Séance 5. Anthropologie et Art contemporain
DANIELLA GOMES BIRCHAL DE MOURA
(Paris 1 Panthéon Sorbonne – UFR Arts Plastiques et Sciences de l’Art)
L’identité menstruelle dans l’art contemporain
En réfléchissant sur l’identité organique féminine, cette proposition d’intervention entend discuter la présence du sang menstruel dans certaines créations artistiques contemporaines : Red is the colour d’Ingrid Berthon-Moine, Casting Off My Womb de Casey Jenkins, Seeing Red Project d’Anna Gibson et Johanna Samuelson ; Amen d’Aline P., Isilumo siyaluma de Zanele Muholi et Je ne peux pas m’empêcher de m’écouler et Offrande à Iemanjá de Daniella de Moura. Le sang est une substance symboliquement complexe, qui est à la fois ce qui salit et ce qui nettoie, ce qui rend impur et ce qui purifie. Le sang versé criminellement, ou lors d’un accident ou d’une maladie, représente le danger venu de l’extérieur de l’identité, le Soi menacé par l’Autre, la société menacée par son dehors, la vie par la mort. Le sang menstruel, au contraire, représente le danger venant de l’intérieur de l’identité, il menace le rapport entre les sexes face à la différence sexuelle.
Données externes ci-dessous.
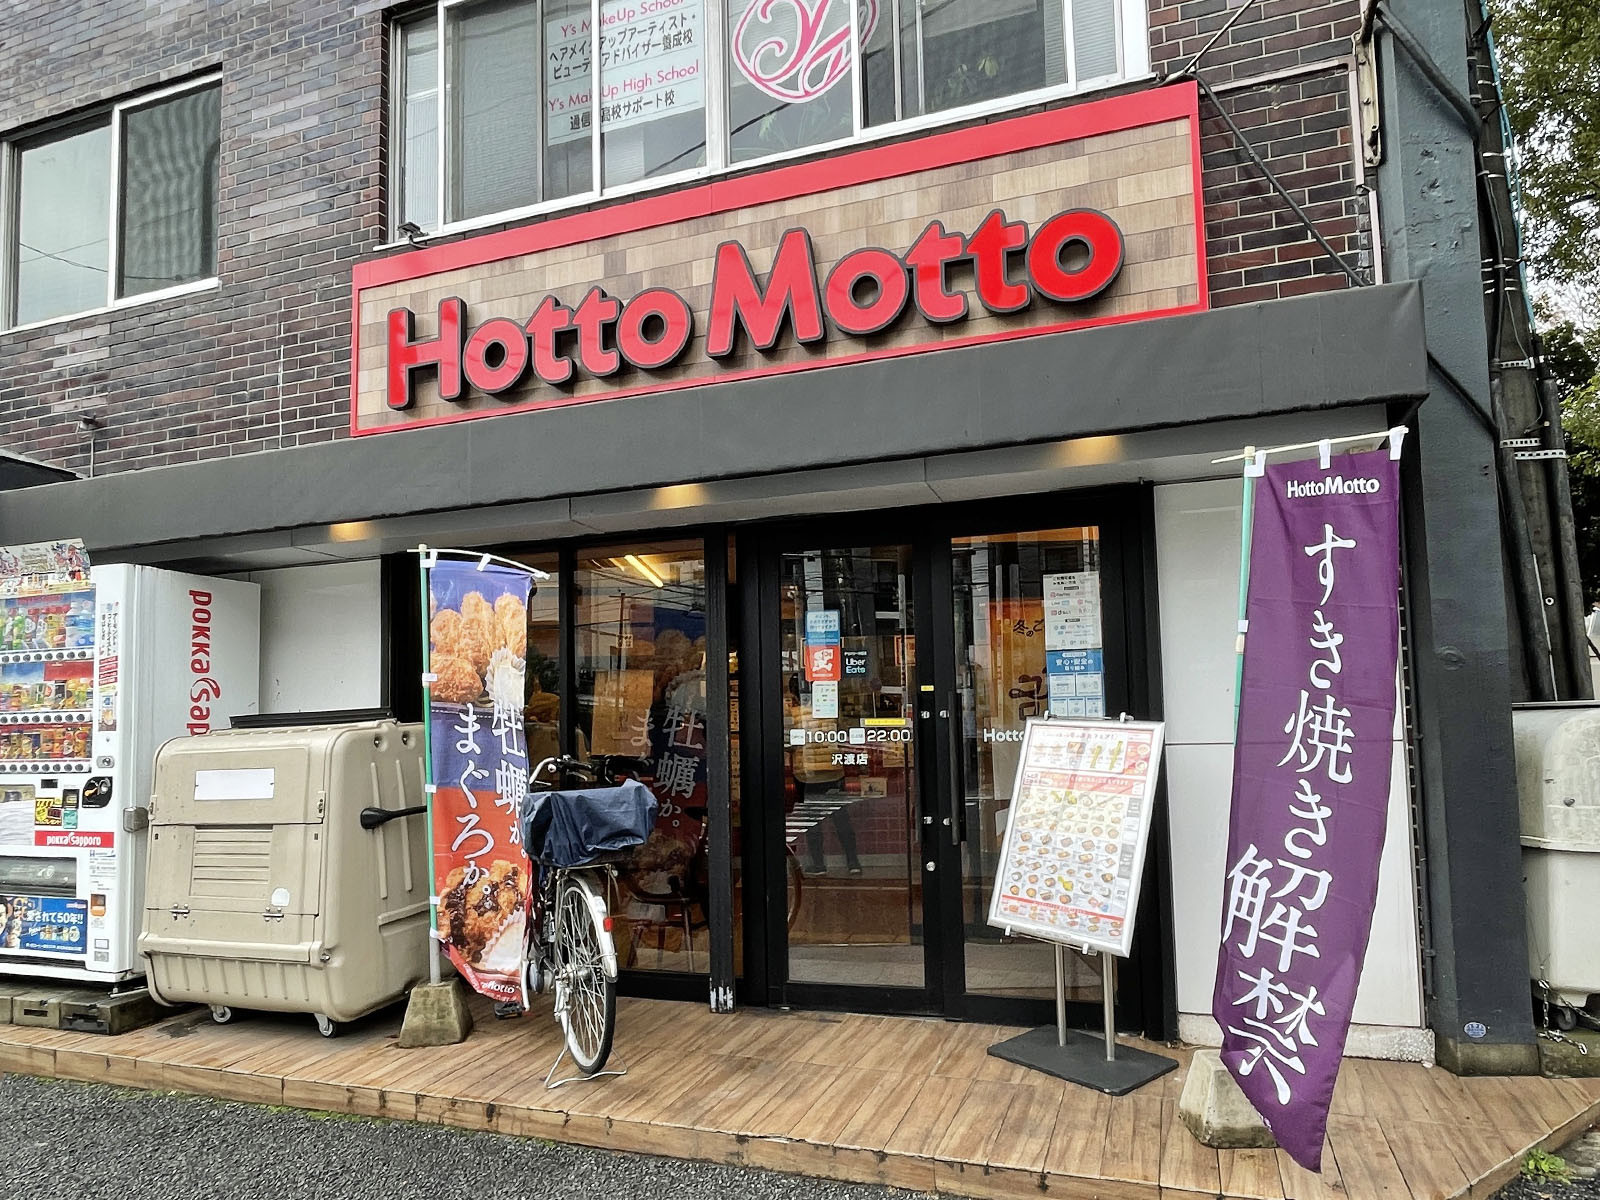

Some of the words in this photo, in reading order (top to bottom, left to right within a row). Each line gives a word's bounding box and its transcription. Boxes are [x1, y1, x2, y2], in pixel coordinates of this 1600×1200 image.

[549, 13, 697, 62] ヘアメイアップアーティスト・
[561, 23, 577, 38] Y's
[581, 8, 636, 33] MkeUp
[640, 0, 684, 15] Schoo
[553, 28, 694, 80] ビューテアドバイザー養成校
[548, 99, 565, 112] Y's
[568, 85, 619, 107] MakUp
[623, 73, 653, 93] High
[657, 59, 700, 83] School
[569, 89, 676, 131] 通信高校サポート校
[387, 285, 694, 410] Hotto
[705, 207, 1126, 361] Motto
[1286, 475, 1380, 499] HottoMotto
[845, 657, 866, 666] Uber
[845, 666, 866, 674] Eats
[806, 730, 847, 743] 10:00
[866, 729, 911, 742] 22:00
[831, 753, 869, 765] 沢渡店
Le sang menstruel établit l’identité et la différence sexuelle, symbolisant le conflit permanent de l’interdit sur le corps de la femme. Le sang menstruel induit une substance organique et un état affectif déterminant qui évoque un ordre caché de l’oeuvre, une sorte de secret du corps que les artistes débordent jusqu’à l’épiderme de l’image. Nous verrons comment le corps mis en crise par ses humeurs menstruelles ouvre alors une brèche dans le corps social. Le spectateur est invité à discerner dans sa trame l’expérience esthétique d’un corps singulier vers l’élucidation d’une lecture plus politique, celle d’un corps collectif.
RIME FETNAN
(Bordeaux Montaigne – Laboratoire Médiation, Information, Communication, Arts)
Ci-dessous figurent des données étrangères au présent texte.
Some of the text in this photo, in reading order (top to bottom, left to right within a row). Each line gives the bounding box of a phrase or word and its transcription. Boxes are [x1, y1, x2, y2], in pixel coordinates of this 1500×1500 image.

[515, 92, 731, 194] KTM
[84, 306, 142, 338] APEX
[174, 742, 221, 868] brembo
Représenter l’Autre : usages des images anthropologiques dans les catalogues des expositions internationales d’art contemporain
La relation entre art et anthropologie est depuis longtemps adossée à l’histoire de la discipline et s’incarne d’abord dans les musées d’ethnographie, premiers témoignages de l’intérêt que porte l’Occident pour l’Autre. Ces musées traversent une crise lorsque, dans les années 1980, certains chercheurs issus des cultural studies critiquent d’une part, la spoliation et la decontextualisation des objets et artefacts, d’autre part leur statut, figé dans un « présent ethnologique» (Clifford, 1988), rendant impossible leur accès à la modernité. Cette période est également marquée par les premières incursions de l’ethnographie dans les expositions d’art contemporain, témoignant d’une tendance nouvelle, celle d’élever les objets et images au rang d’oeuvres d’art. Malgré les critiques, Jean-Hubert Martin insuffle au monde de l’art contemporain une démarche nouvelle, celle de vouloir placer l’art occidental et extra-occidental sur la même échelle de valeur. Dès lors, de nombreuses expositions d’art contemporain ont porté un regard anthropologique sur la création artistique internationale, en articulant oeuvres d’art et images ethnographiques, alimentant leur discours sur la mondialisation de l’art et l’altérité des textes anthropologiques fondateurs. Dans le but de faire émerger le contenu de telles représentations, cette communication mettra en exergue les différents usages des images anthropologiques au sein de trois expositions internationales d’art contemporain (Magiciens de la Terre, 1989, Partage d’exotisme, 2000, et Intense Proximité, 2012). Notre étude portera spécifiquement sur les catalogues, dispositifs complexes, à la fois traces et incarnations des expositions, constituant le « matériel d’une histoire et d’une science de l’art » (Marin, 1975). Enfin, nous tenterons de faire émerger les imaginaires véhiculés au sein de ces expositions.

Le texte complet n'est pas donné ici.